→ **Exercise prompt**: With the pictures removed, the data below must be transcribed in full and exactly.

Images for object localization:
============
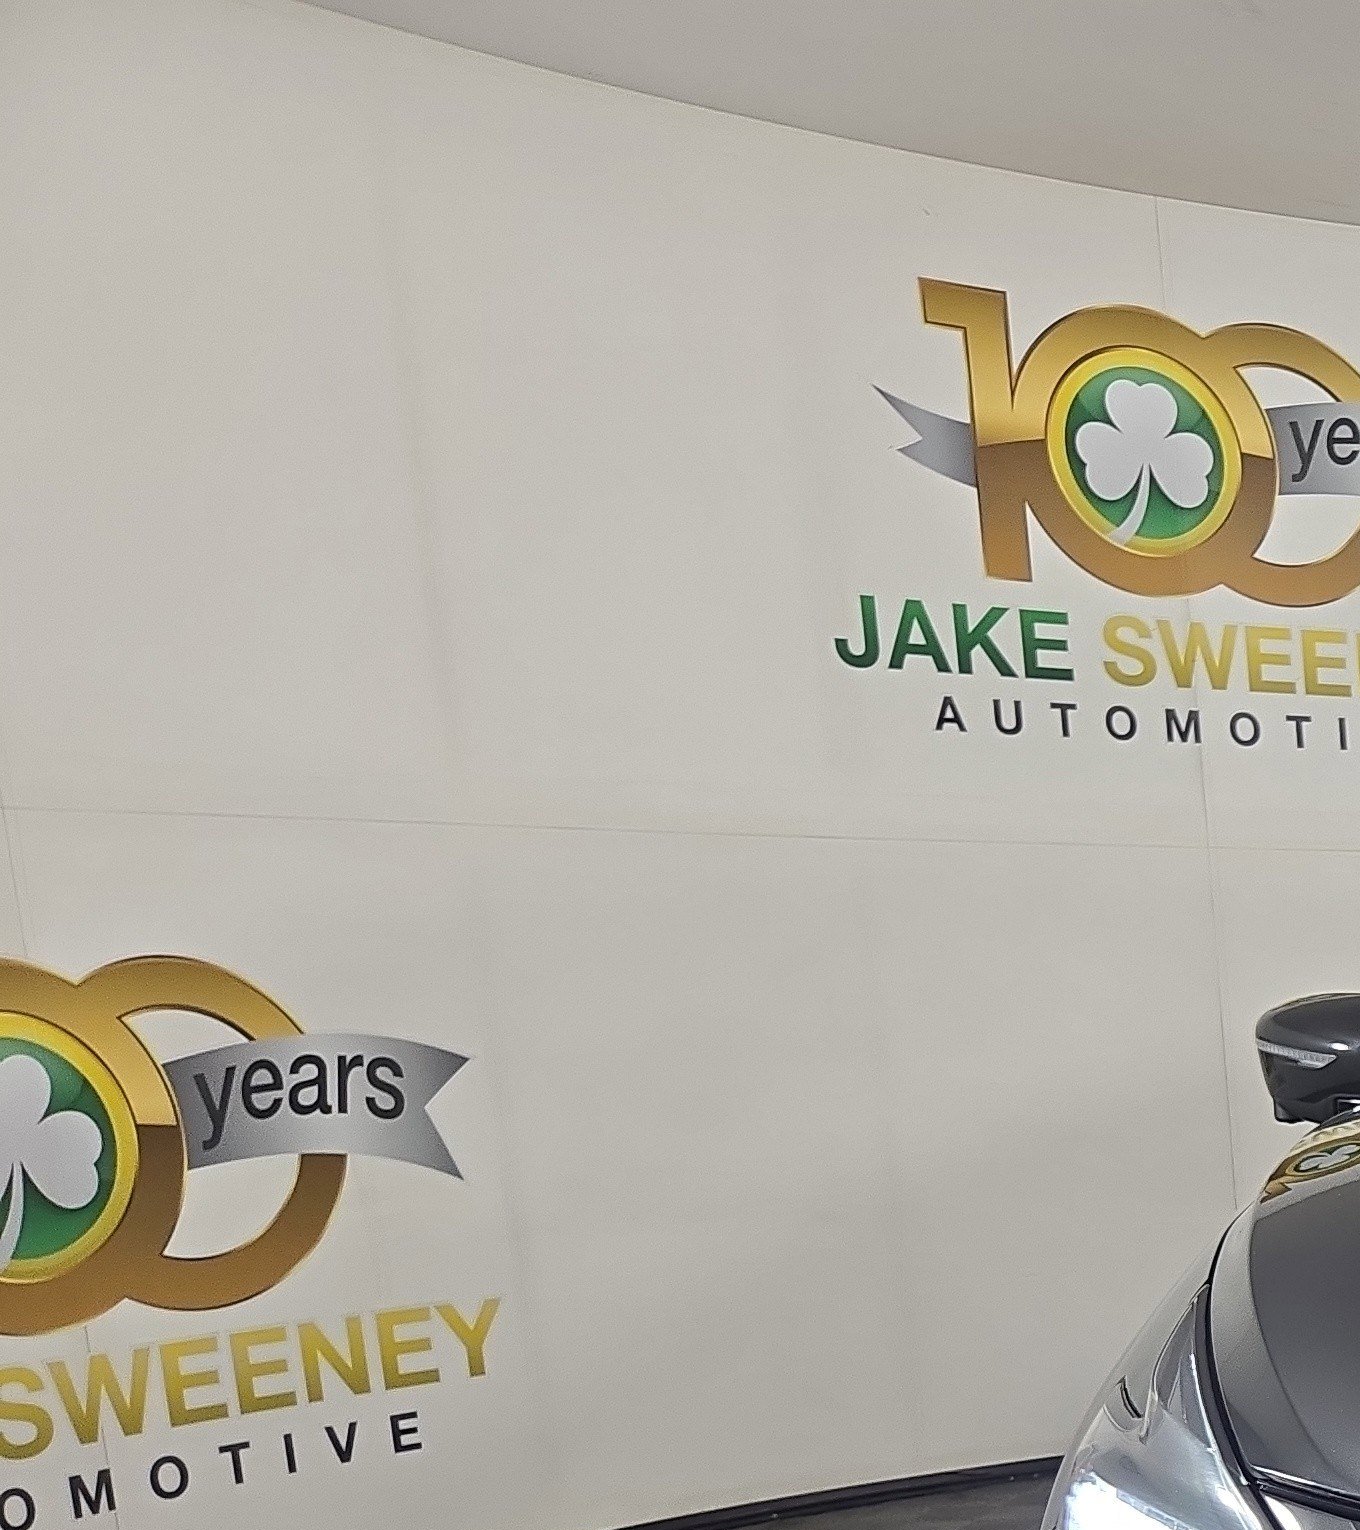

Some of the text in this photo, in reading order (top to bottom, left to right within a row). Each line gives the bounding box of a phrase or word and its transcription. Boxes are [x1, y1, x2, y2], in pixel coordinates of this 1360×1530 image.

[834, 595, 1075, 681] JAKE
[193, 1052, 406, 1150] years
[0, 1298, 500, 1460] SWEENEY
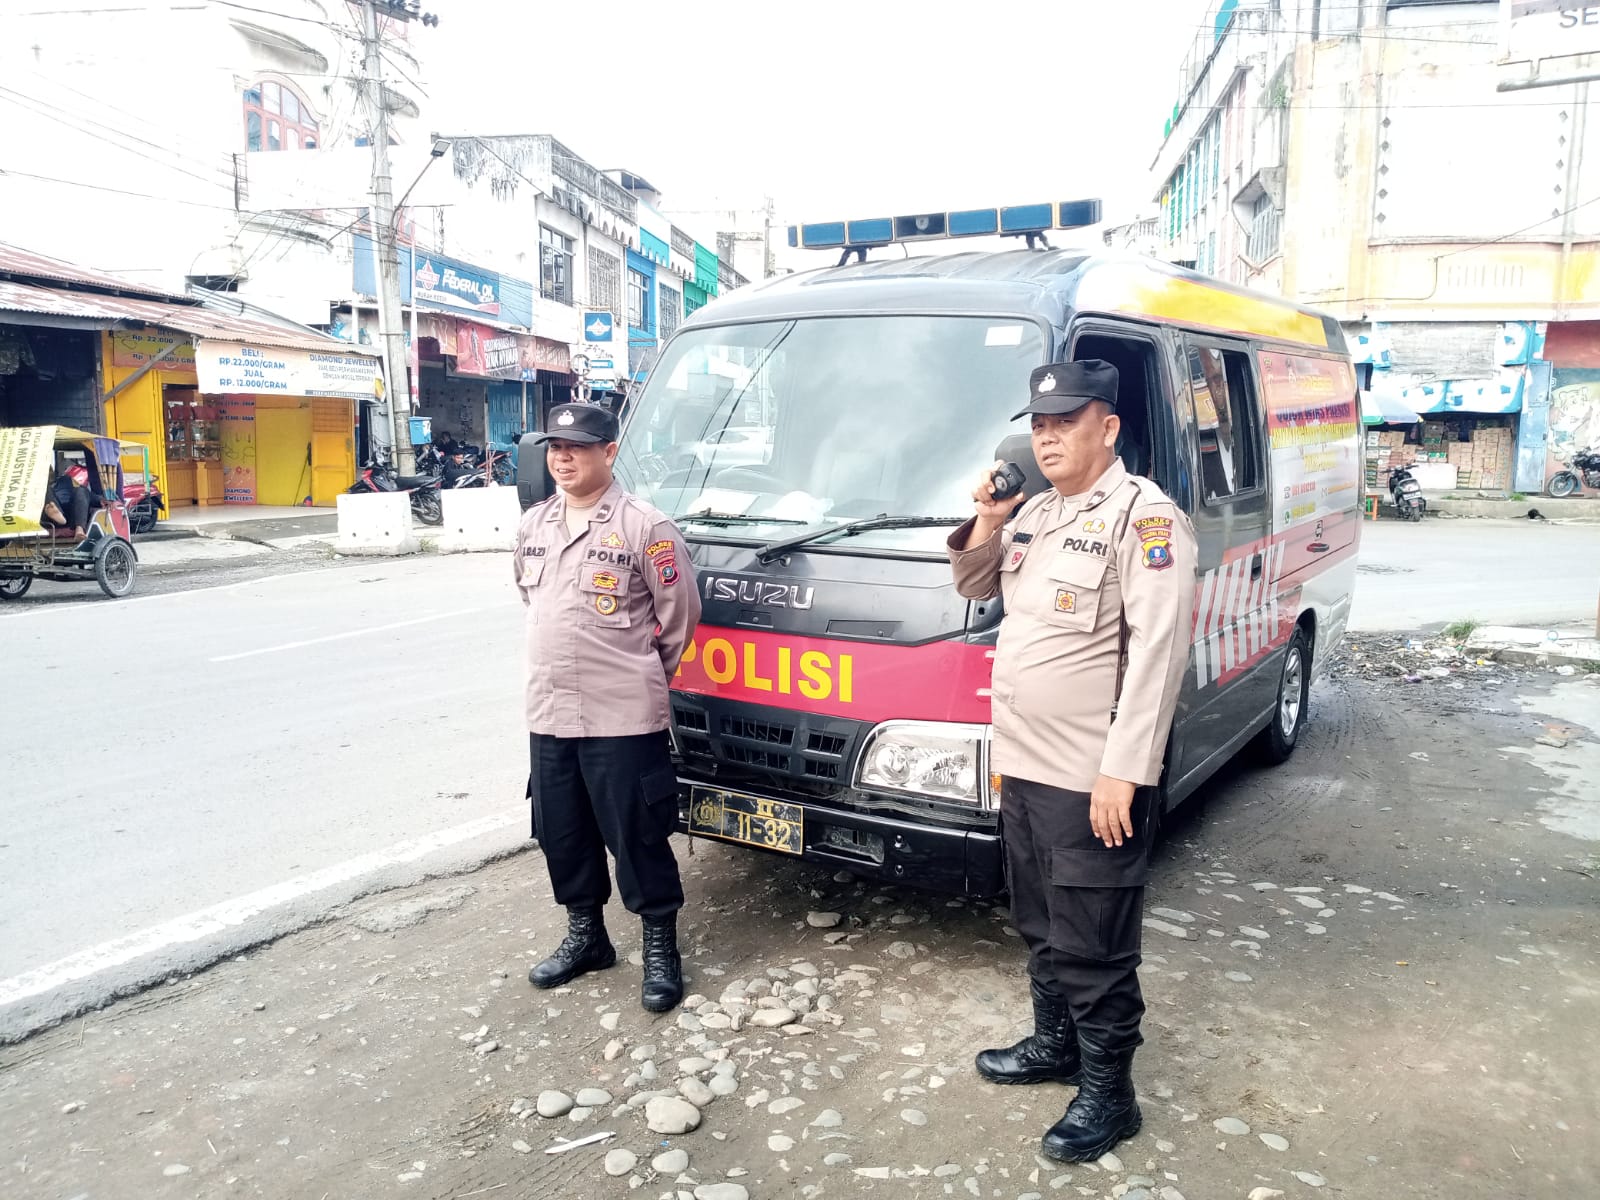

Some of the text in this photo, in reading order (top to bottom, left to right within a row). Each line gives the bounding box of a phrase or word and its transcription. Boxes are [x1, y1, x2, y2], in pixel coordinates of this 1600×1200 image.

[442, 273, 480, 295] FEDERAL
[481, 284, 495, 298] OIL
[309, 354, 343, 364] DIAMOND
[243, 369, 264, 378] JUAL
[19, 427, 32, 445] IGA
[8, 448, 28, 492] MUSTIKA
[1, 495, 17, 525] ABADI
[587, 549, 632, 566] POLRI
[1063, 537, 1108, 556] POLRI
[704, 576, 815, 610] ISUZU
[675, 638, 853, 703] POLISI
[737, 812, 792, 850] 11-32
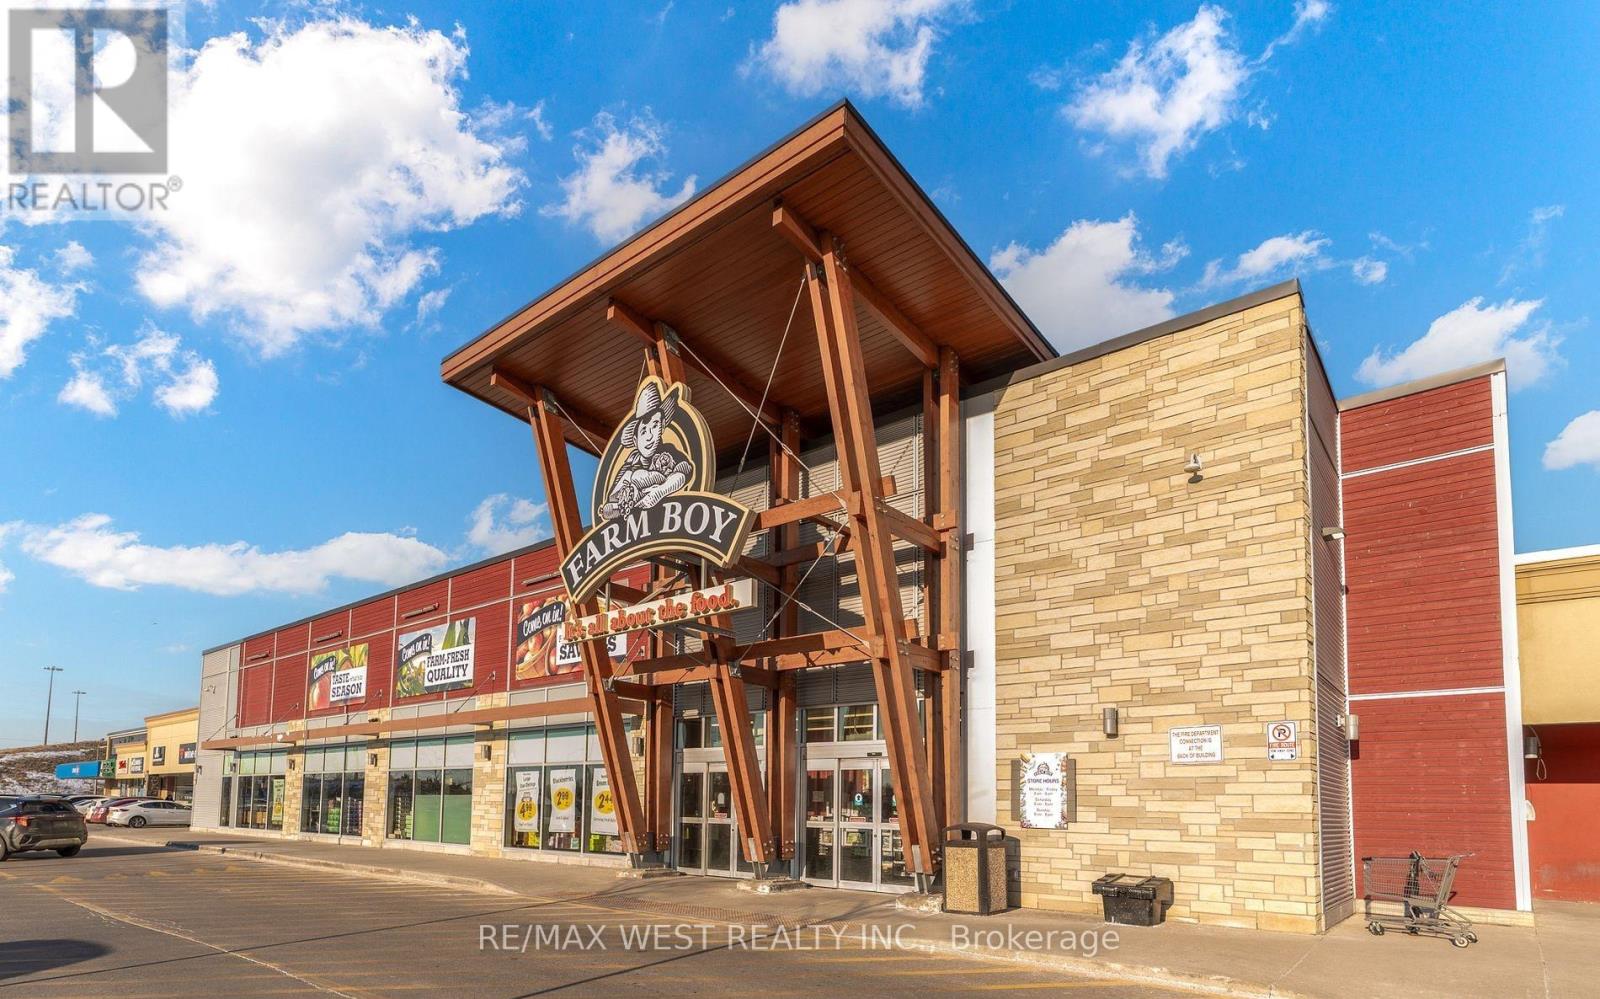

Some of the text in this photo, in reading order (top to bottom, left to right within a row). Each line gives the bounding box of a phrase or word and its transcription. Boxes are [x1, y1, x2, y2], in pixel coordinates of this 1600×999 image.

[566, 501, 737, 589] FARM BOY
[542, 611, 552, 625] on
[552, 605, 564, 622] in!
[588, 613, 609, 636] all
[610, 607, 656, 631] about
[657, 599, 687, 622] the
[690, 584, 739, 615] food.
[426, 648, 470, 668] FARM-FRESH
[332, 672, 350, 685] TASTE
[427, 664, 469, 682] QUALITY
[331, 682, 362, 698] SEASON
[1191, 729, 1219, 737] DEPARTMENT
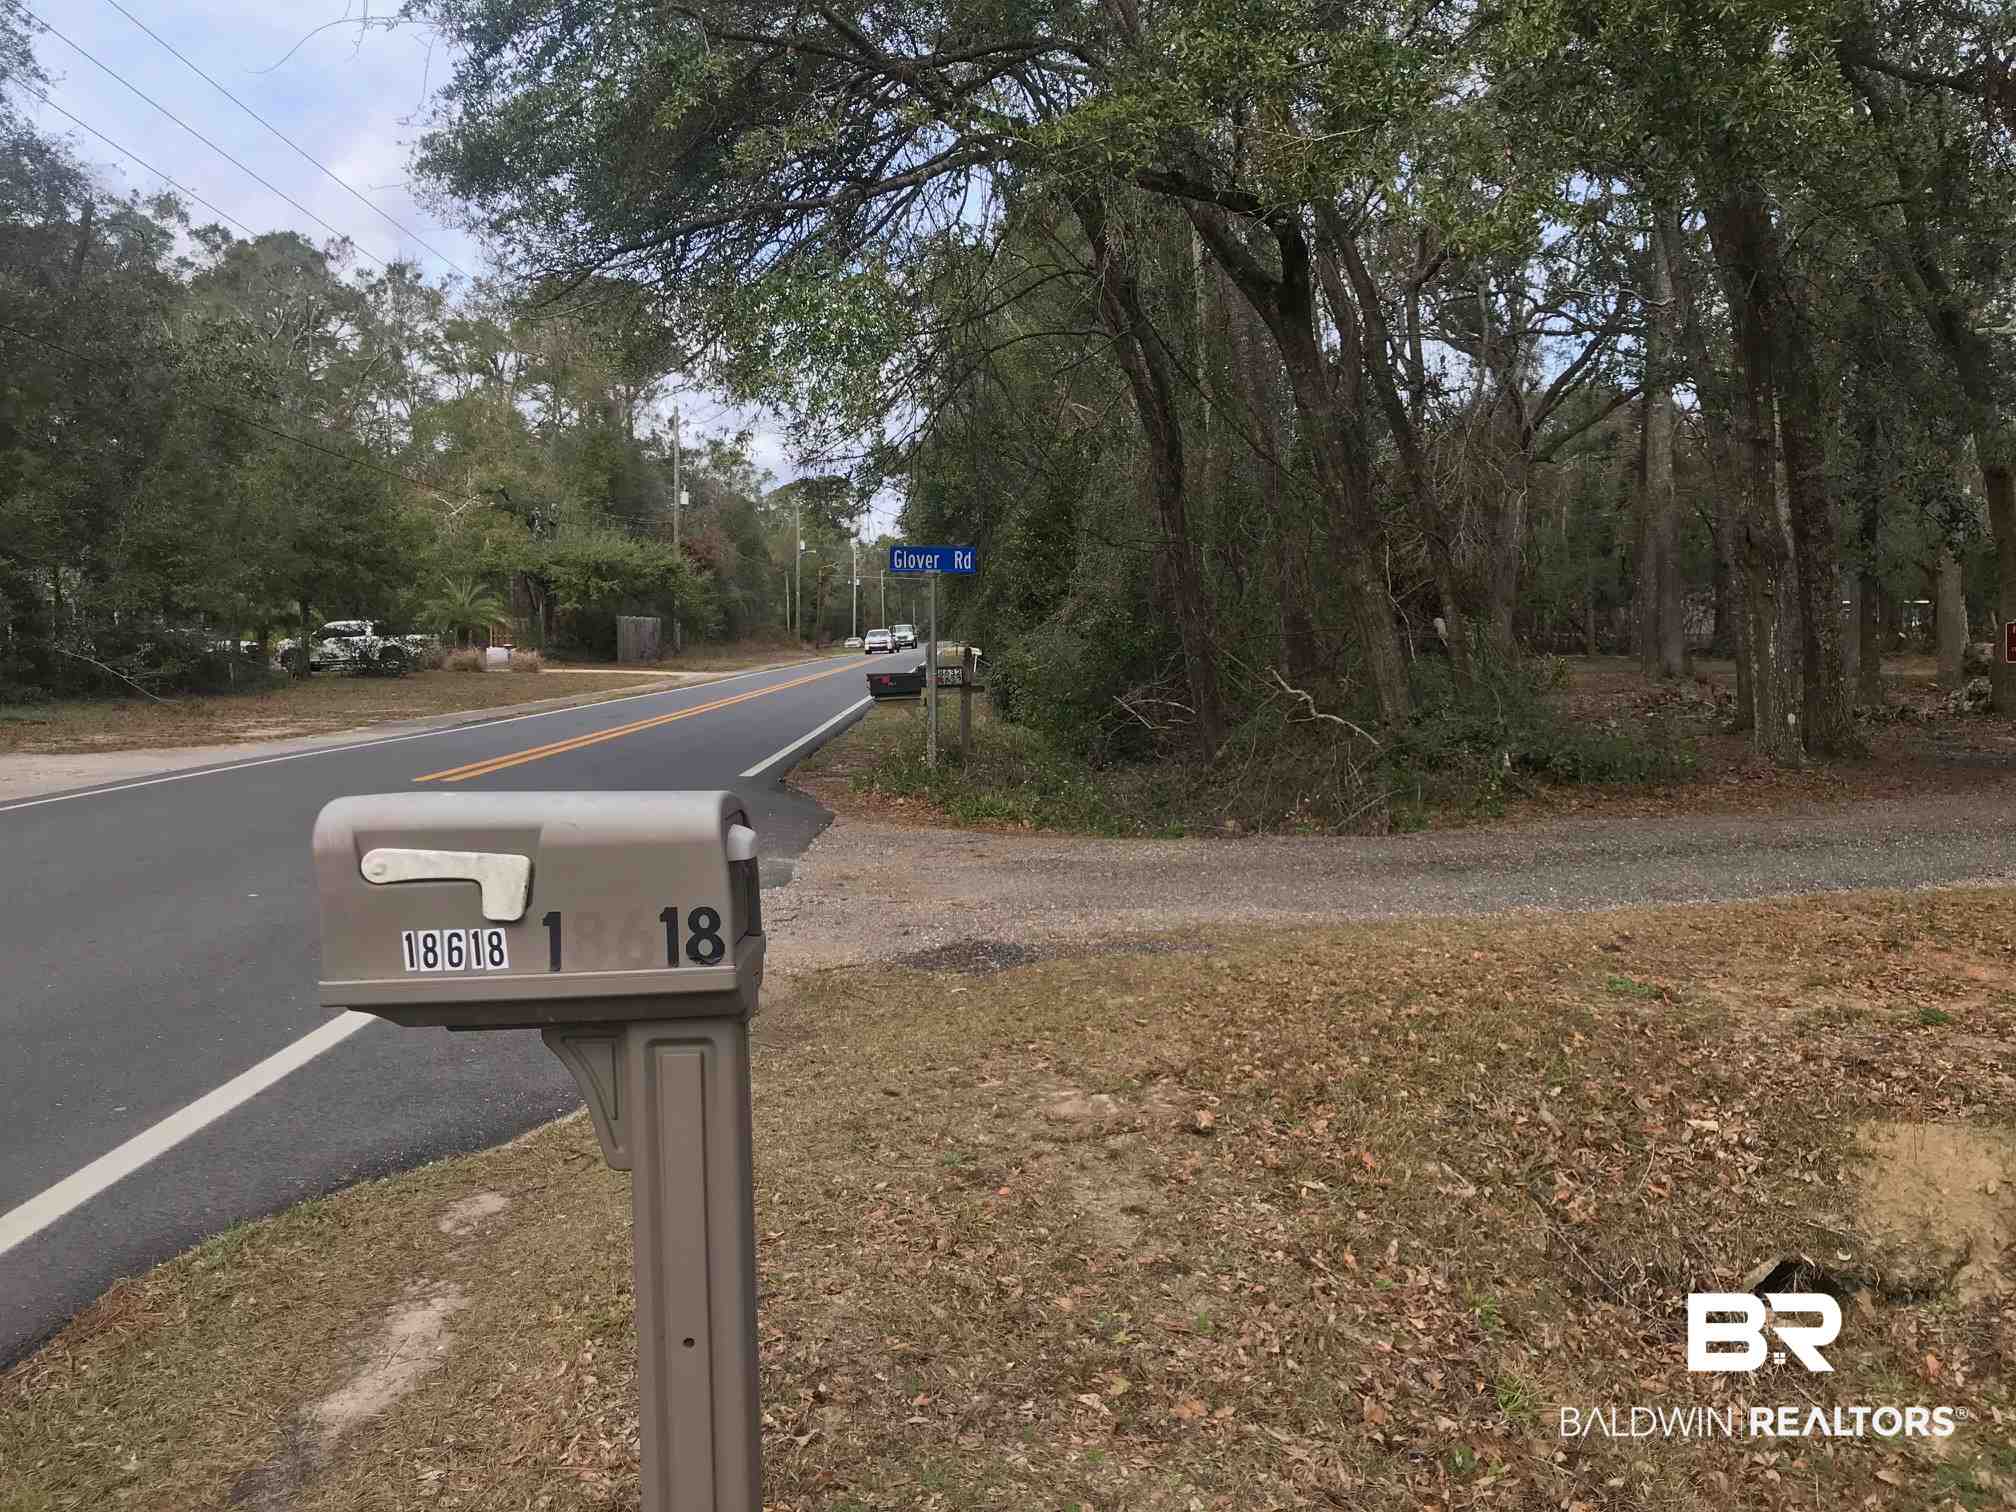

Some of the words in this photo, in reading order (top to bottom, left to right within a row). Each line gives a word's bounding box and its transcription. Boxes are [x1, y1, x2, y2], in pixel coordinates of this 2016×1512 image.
============
→ **Response area**:
Some of the text in this photo, in reading order (top to bottom, left to right within a row). Each line gives the bounding box of a phrase or word and its transcription. Boxes are [x1, y1, x2, y2], in pixel coordinates of this 1360×1530 image.

[834, 595, 1075, 681] JAKE
[193, 1052, 406, 1150] years
[0, 1298, 500, 1460] SWEENEY

Some of the text in this photo, in reading order (top to bottom, left to right within a row). Each line gives the bounding box of a phrase or word and its transcription. Boxes are [x1, y1, x2, y2], in pixel coordinates of this 1600×1200 image.

[442, 273, 480, 295] FEDERAL
[481, 284, 495, 298] OIL
[309, 354, 343, 364] DIAMOND
[243, 369, 264, 378] JUAL
[19, 427, 32, 445] IGA
[8, 448, 28, 492] MUSTIKA
[1, 495, 17, 525] ABADI
[587, 549, 632, 566] POLRI
[1063, 537, 1108, 556] POLRI
[704, 576, 815, 610] ISUZU
[675, 638, 853, 703] POLISI
[737, 812, 792, 850] 11-32

Some of the text in this photo, in reading order (top to bottom, left to right within a row). Each line gives the bounding box of a phrase or word and its transcription. Boxes are [x1, y1, x2, y2], in pixel coordinates of this 1600×999 image.

[566, 501, 737, 589] FARM BOY
[542, 611, 552, 625] on
[552, 605, 564, 622] in!
[588, 613, 609, 636] all
[610, 607, 656, 631] about
[657, 599, 687, 622] the
[690, 584, 739, 615] food.
[426, 648, 470, 668] FARM-FRESH
[332, 672, 350, 685] TASTE
[427, 664, 469, 682] QUALITY
[331, 682, 362, 698] SEASON
[1191, 729, 1219, 737] DEPARTMENT

Some of the words in this photo, in reading order (top to bottom, left to right within a row). Each line gives a word's bounding box and its transcription. Boxes are [x1, y1, x2, y2], in pixel coordinates of this 2016×1512 image.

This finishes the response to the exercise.